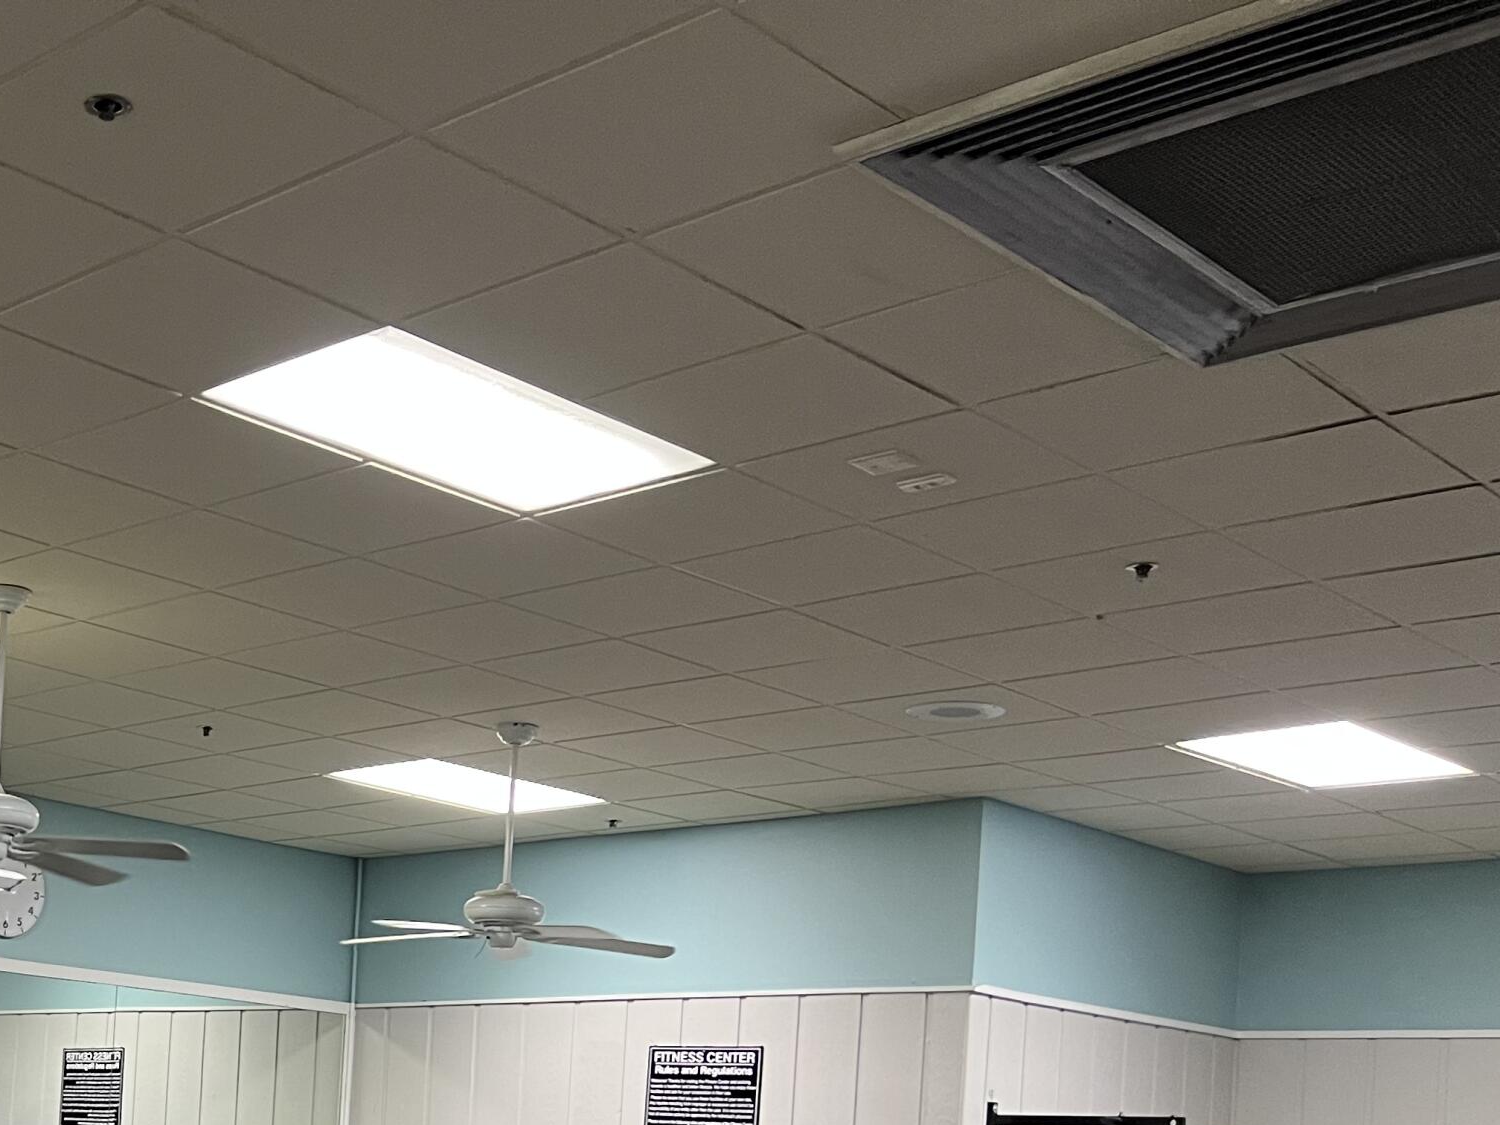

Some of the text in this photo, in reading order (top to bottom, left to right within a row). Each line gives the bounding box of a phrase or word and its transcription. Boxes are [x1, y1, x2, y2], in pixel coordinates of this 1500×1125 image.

[31, 872, 38, 882] 2
[34, 892, 40, 900] 3
[28, 906, 34, 916] 4
[2, 920, 8, 928] 6
[16, 917, 22, 926] 5
[654, 1050, 756, 1064] FITNESS CENTER
[654, 1064, 753, 1077] Rules and Regulations
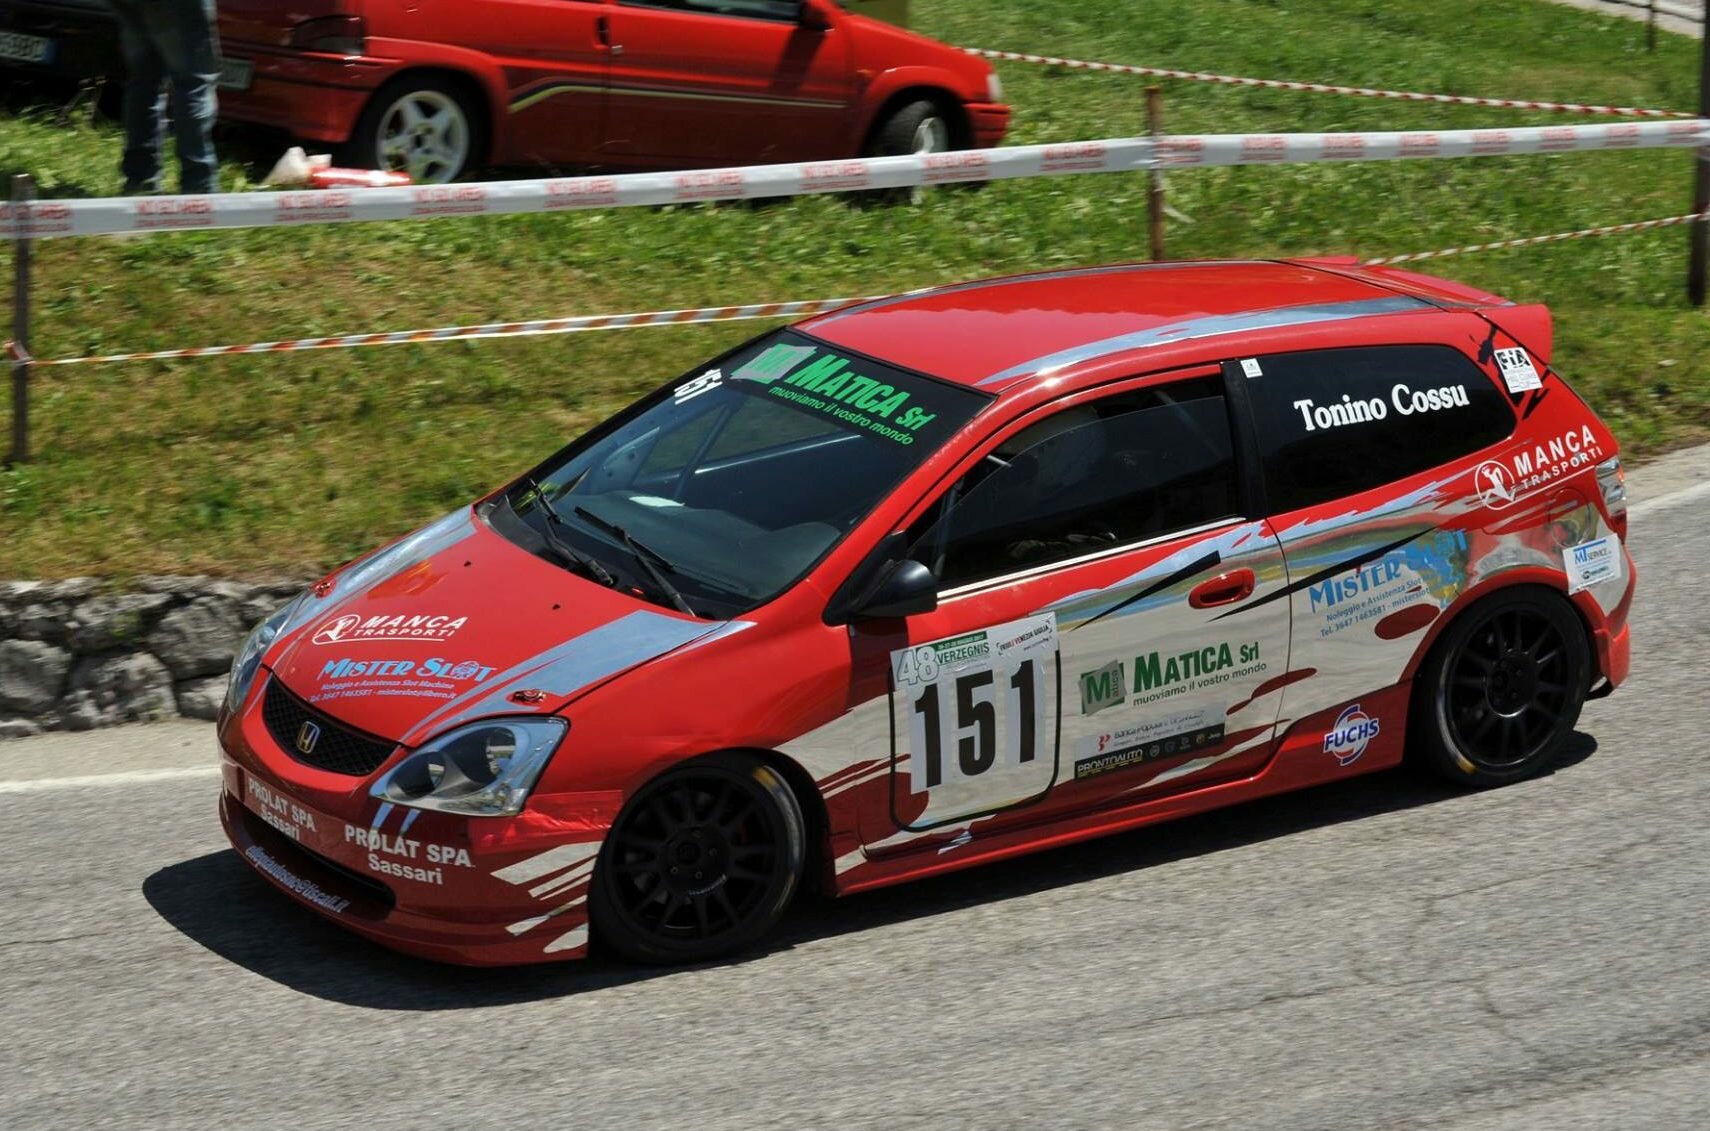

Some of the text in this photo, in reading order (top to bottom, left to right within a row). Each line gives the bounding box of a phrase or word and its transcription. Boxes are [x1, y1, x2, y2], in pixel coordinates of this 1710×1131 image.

........

- **Assignment**:
The answer should match the data above word for word, with no pictures in it.

- **Solution for this task**:
Some of the text in this photo, in reading order (top to bottom, left to right within a row). Each line gives the bounding box of a phrase or word and its transcription. Boxes are [x1, y1, x2, y2], in pixel coordinates of this 1500×1125 image.

[31, 872, 38, 882] 2
[34, 892, 40, 900] 3
[28, 906, 34, 916] 4
[2, 920, 8, 928] 6
[16, 917, 22, 926] 5
[654, 1050, 756, 1064] FITNESS CENTER
[654, 1064, 753, 1077] Rules and Regulations

Some of the text in this photo, in reading order (top to bottom, left to right within a row). Each line gives the bounding box of a phrase or word and its transcription. Boxes are [x1, y1, x2, y2], in pixel coordinates of this 1710×1131 image.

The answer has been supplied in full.